RBP recognition motif selection. The number of instances of each RBP was plotted for different Branch Length Scores (BLS) as in Figure 1. These values are plotted using the y-axis on the left. True motifs are indicated in green and shuffled motifs are indicated in gray. Precision is shown in red and plotted according to the y-axis on the right. (A) UAUUUAU. (B) U1A. (C) Nova. (D) U2B.
AU-content is high at the end of 3′UTRs. Each 3′UTR longer than 500 nts was equally divided into ten deciles. For each decile, AU-content was calculated and box-plots across all genes are shown. (A) Human. (B) Mouse. (C) Fruit fly. (D) Worm.
RBP localization compared with shuffled control motifs. Each 3′UTR longer than 2000 nts was equally divided into ten bins, numbered from 0.0 to 0.9. The percentage of RBP recognition sites in each bin was compared with its shuffled control motifs, which have the same AU-content. For each 3′UTR bin, asterisks represent comparisons of percentages between real and random motifs using the binomial test with a Bonferroni correction for 10 tests.
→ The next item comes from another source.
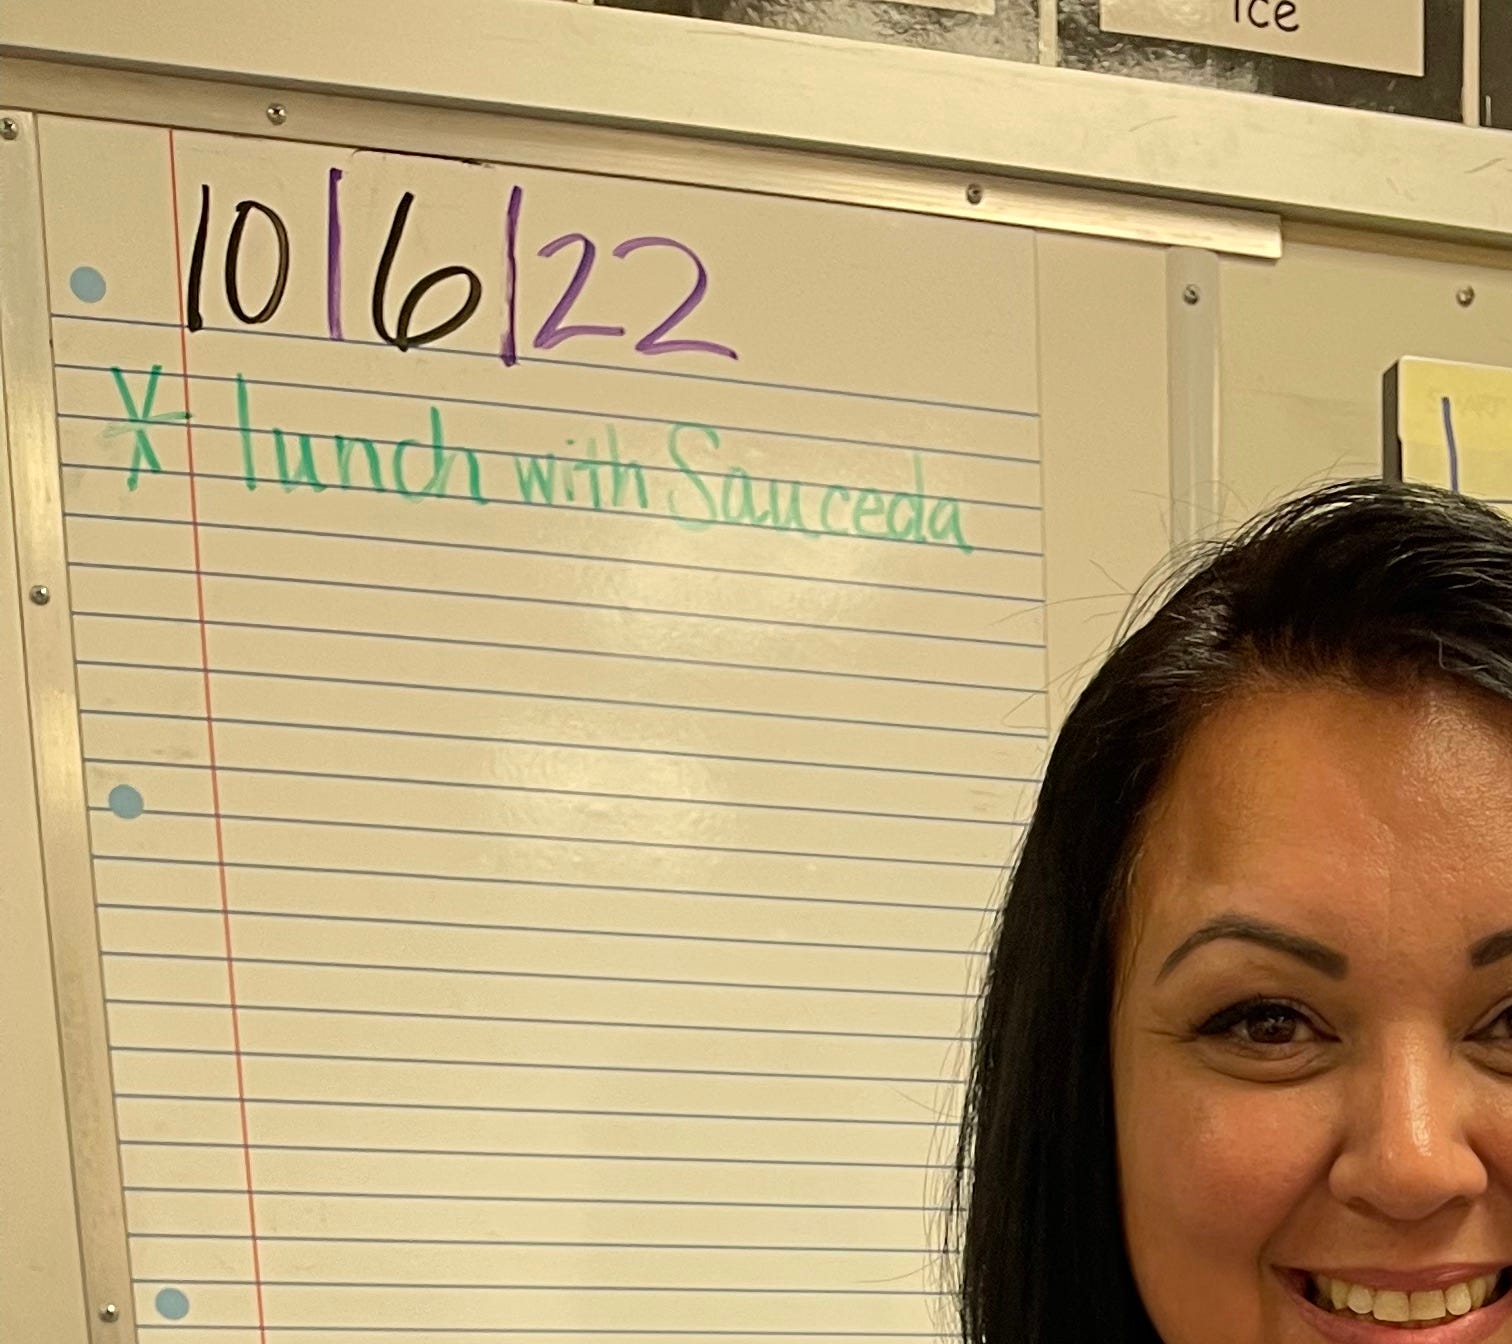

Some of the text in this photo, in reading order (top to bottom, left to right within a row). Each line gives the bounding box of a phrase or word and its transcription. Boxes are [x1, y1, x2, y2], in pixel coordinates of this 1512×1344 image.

One asterisk indicates p<0.05, two asterisks indicate p<0.01, and three asterisks indicate p<0.001. (A) PUM localization in human. (B) UAUUUAU localization in human. (C) PUM localization in mouse. (D) UAUUUAU localization in mouse.
Localization of RBP motifs in 3′UTRs across four organisms. For each organism, 3′UTRs with length longer than 500 nts, but shorter than 2000 nts, were considered. Each 3′UTR was equally divided into 10 bins, numbered from 0.0 to 0.9. The percentage of RBP recognition sites in each bin was plotted. (A) PUM localization pattern. (B) UAUUUAU localization pattern.
Percentage of miRNA recognition sites within 50 nts from RBP sites. For each RBP, the percentage of miRNA recognition sites within 50 nts of an RBP recognition site was determined for the set of all interacting miRNAs (Figure 3) and for the set of all non-interacting miRNAs. All values are shown with box-plots. For each RBP, asterisks represent comparisons of percentages between “Int miRNA” and “Nonint miRNA” determined by Wilcoxon tests. One asterisk indicates p<0.05, two asterisks indicate p<0.01, and three asterisks indicate p<0.001. Two separate data plots are shown for (A) Human and (B) Mouse.
PUM co-localizes with its interacting miRNAs in the Par-CLIP region. The recognition sites of PUM and miRNAs were restricted to those experimentally identified by Par-CLIP analysis of PUM2 and AGO binding in the HEK293T cell line . The number of neighboring PUM and miRNA recognition sites within 50 nts was counted. To determine the number of neighboring recognition sites expected by chance, the labels of all miRNA recognition sites were shuffled across chromosomes and the number of neighboring PUM and miRNA sites within the Par-CLIP region was counted again. For each miRNA, the enrichment ratio was calculated as (#neighboring sites)/(#expected sites). (A) Enrichment ratios for PUM-interacting miRNAs (Figure 3A) and non-interacting miRNAs are shown with box-plots. Asterisks represent comparisons of enrichment ratios between the two groups determined by Wilcoxon tests. One asterisk indicates p<0.05, two asterisks indicate p<0.01, and three asterisks indicate p<0.001. (B) The PUM-interacting miRNAs were classified as expressed if they were among the 25% of the most frequently sequenced small RNAs in HEK293T cells  (miR-30abcde/384-5p, miR-101 and miR-221/222). The rest of the PUM-interacting miRNAs were classified as non-expressed (miR-144, miR-300, miR-376c, miR-410). Enrichment ratios between the two groups were visualized and compared in the same way as described in (A).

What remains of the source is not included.